Abstract 1731

Background:

Symptom burden in primary, post-ET and post-PV myelofibrosis (MF) is frequently severe and correlates with a poor prognosis. However, symptom manifestations are heterogeneous with variable presence of specific symptoms, splenomegaly and cytopenias. We sought to identify the spectrum and features of MF symptomatic phenotypes by cluster analysis of prospectively gathered information on MF symptoms and disease features.

Methods:

Data was collected among an international cohort of subjects with MF. Data included demographics, disease features and completion of the Brief Fatigue Inventory (BFI) and Myeloproliferative Neoplasm Symptom Assessment Form Total Symptom Score (MPN-SAF TSS) (Blood 2011; 118:401–408). Surveyed symptoms addressed key disease features on a 0 (absent) to 10 (worst-imaginable) scale. Cluster development was based on consideration of r-squared in hierarchical clustering using Ward's linkage. Final cluster assignment was based on the nonhierarchical k-means method. Comparisons between symptom clusters were based on ANOVA and chi-squared tests.

Results:
Subject Demographic and Disease Characteristics:

Data from 329 prospectively enrolled persons with MF was collected (Chinese 102, French 54, German 19, Italian 22, Dutch 45, English 51, Spanish 29, Swedish 7) including 223 PMF, 67 post-ET MF and 39 post-PV MF patients. Participants were of typical age (mean 59) and gender (47% F). Among all participants, four natural symptom clusters were identified (Figure 1). Among clusters, disease features including leukopenia, thrombocytopenia, and enlarged spleen varied significantly between clusters (P<0.05).

Cluster 1:

The “Fatigue Dominant with Few Lab Abnormalities” Profile (n=150 (46%; 69% PMF, 20% post-ET MF, 11% post-PV MF)). Cluster 1, the largest, is characterized by fatigue-dominant complaints in the setting of the lowest overall MPN-SAF TSS and highest proportion of males (59%). Individuals among this group have the lowest prevalence of laboratory abnormalities (65% total; anemia, 67%; thrombocytopenia, 20%) or clinical deficiencies including enlarged spleen (average 6.0 cm below costal margin), prior thrombosis (9%), prior hemorrhage (5%) or prior RBC-transfusions (20.4%).

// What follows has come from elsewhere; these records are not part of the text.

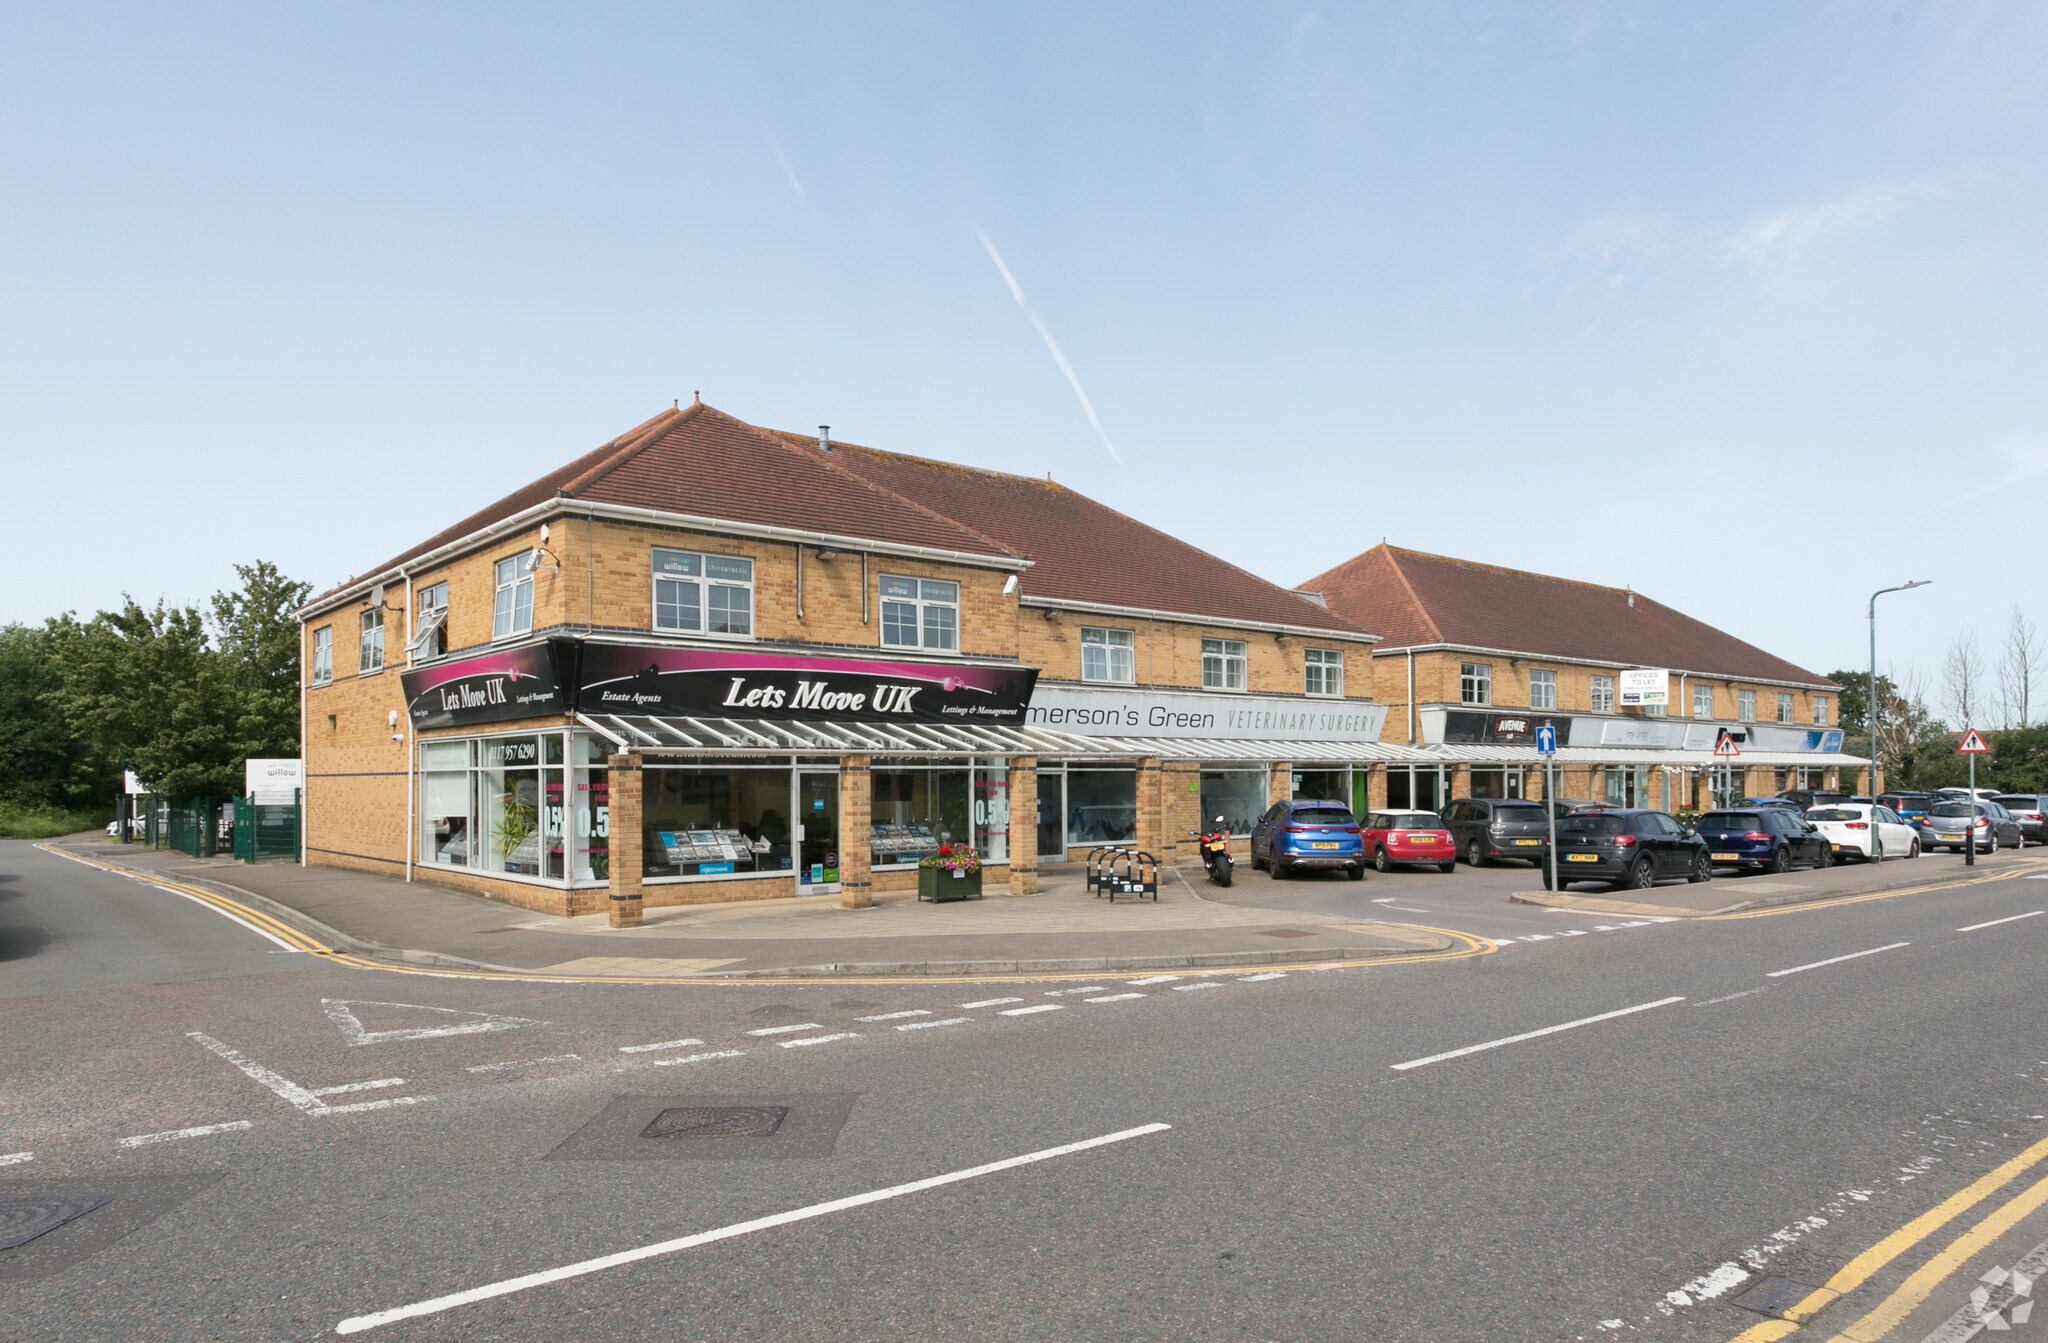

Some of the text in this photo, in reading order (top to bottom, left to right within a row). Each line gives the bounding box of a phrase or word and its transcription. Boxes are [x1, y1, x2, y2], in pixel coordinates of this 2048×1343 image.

[664, 562, 689, 572] willow
[707, 564, 748, 574] chiropractic
[440, 678, 507, 711] Lets Move UK
[601, 691, 662, 704] Estate Agents
[723, 677, 922, 713] Lets Move UK
[942, 705, 1018, 717] Lettings & Management
[1148, 706, 1215, 728] Green
[1228, 710, 1376, 732] VETERINARY SURGERY
[1498, 720, 1526, 732] AVENUE
[490, 744, 535, 760] 0117 957 6290
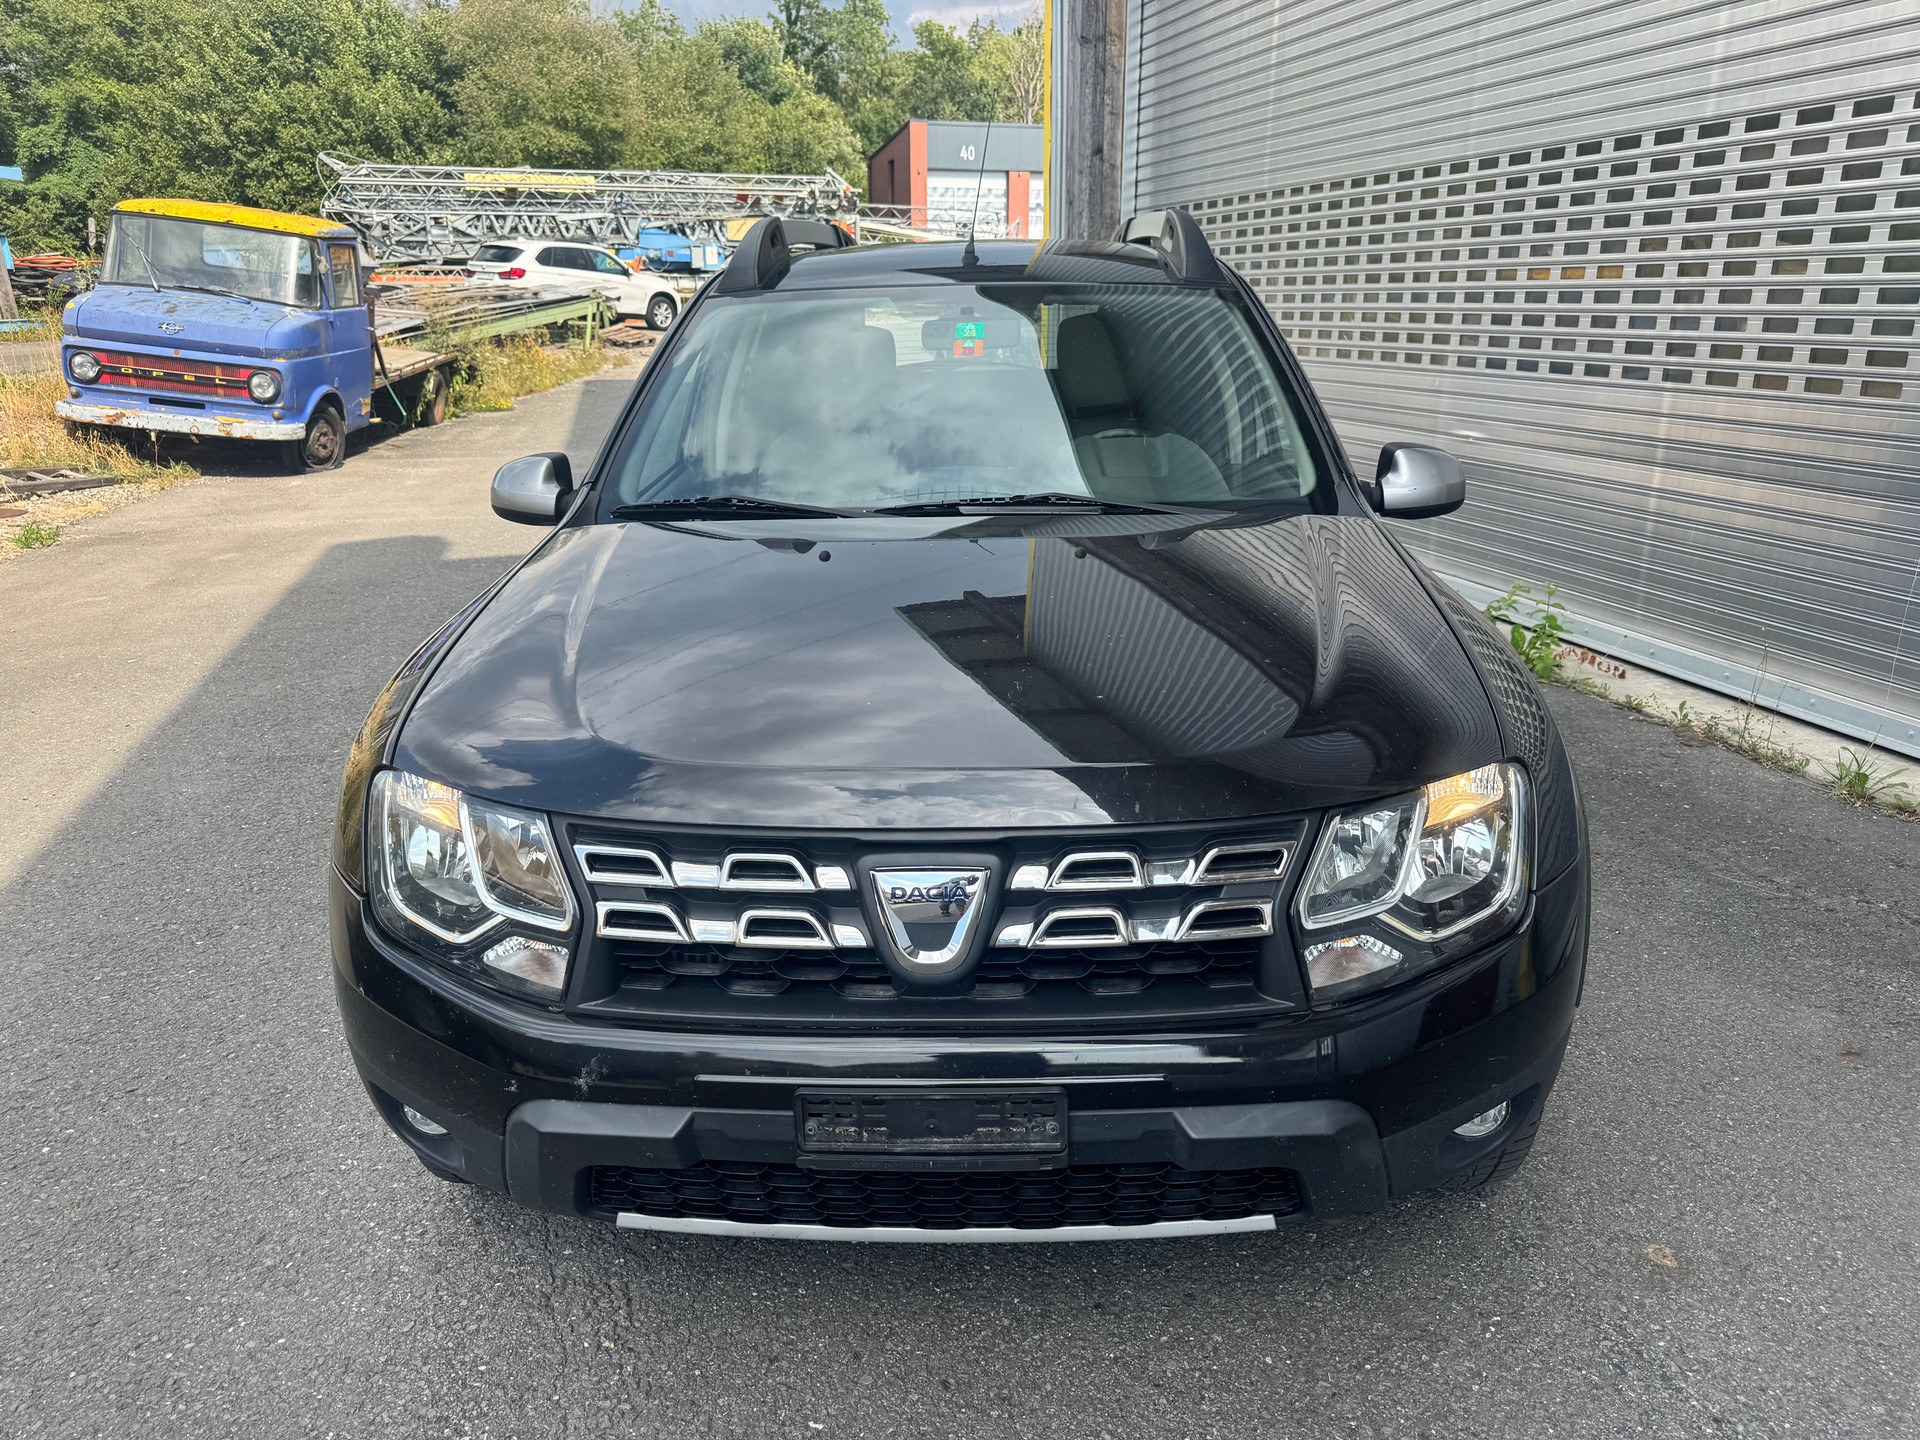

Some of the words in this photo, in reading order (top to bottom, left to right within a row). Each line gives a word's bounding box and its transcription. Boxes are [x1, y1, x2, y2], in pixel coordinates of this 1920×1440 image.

Interestingly, individuals in this group are most likely to have had prior splenectomy (5.8%).

Cluster 2:

The “Cognitive Complaints with Enlarged Spleen” Cluster (n=105 (32%; 65% PMF, 20% post-ET MF, 15% post-PV MF)). Cluster 2 is the 2nd largest cluster. Subjects have relatively few abnormal lab values (67% vs 65%–77%) but have high severity of fatigue, sexual difficulties, insomnia, inactivity and reduced QOL. These individuals have the largest spleen size (8.7cm below costal margin).

Cluster 3:

The “Nighttime and Cognitive Complaints” Group (n=53 (16%; 64% PMF, 25% post-ET MF, 11% post-PV MF)). Cluster 3 is the smallest cluster. Subjects have many cognitive and nighttime-related complaints including sexual difficulties, night sweats, insomnia, and concentration problems. Subjects with post-ET MF are predominant. This cluster also has the 2ndsmallest spleen size (7 cm) or history of prior thrombosis (9.6%), hemorrhage (7.8%) or requirement for transfusions (21.2%).

Cluster 4:

The “Severe Fatigue with Few End-organ Complaints” Cluster (n=21 (6%; 81% PMF, 14% post-ET MF, 5% post-PV MF)). Cluster 4 is the most symptomatic cohort with the highest proportion of subjects with PM. There is a lower frequency of end-organ complaints including abdominal pain, cough, and headaches. Symptoms including sexual difficulties, sad mood and insomnia are predominant. No subjects had prior splenectomy. Subjects also have the highest prevalence of prior thrombosis (29%), hemorrhage (14%), and transfusions (43%). Additionally, this cohort has the largest prevalence of lab abnormalities (77%) with thrombocytopenia (71%), leukopenia (41%) and anemia (41%).

Conclusion:

This analysis will allow us to examine a new framework for evaluating persons with MF using symptom profiles and is the 1st cluster evaluation of MF. Lab and physical findings contrast significantly between symptom clusters indicating these phenotypic symptoms likely result from etiological factors present in specific disease phenotypes. Future studies should evaluate whether there is a correlation between cluster profiles, prognosis and genotype.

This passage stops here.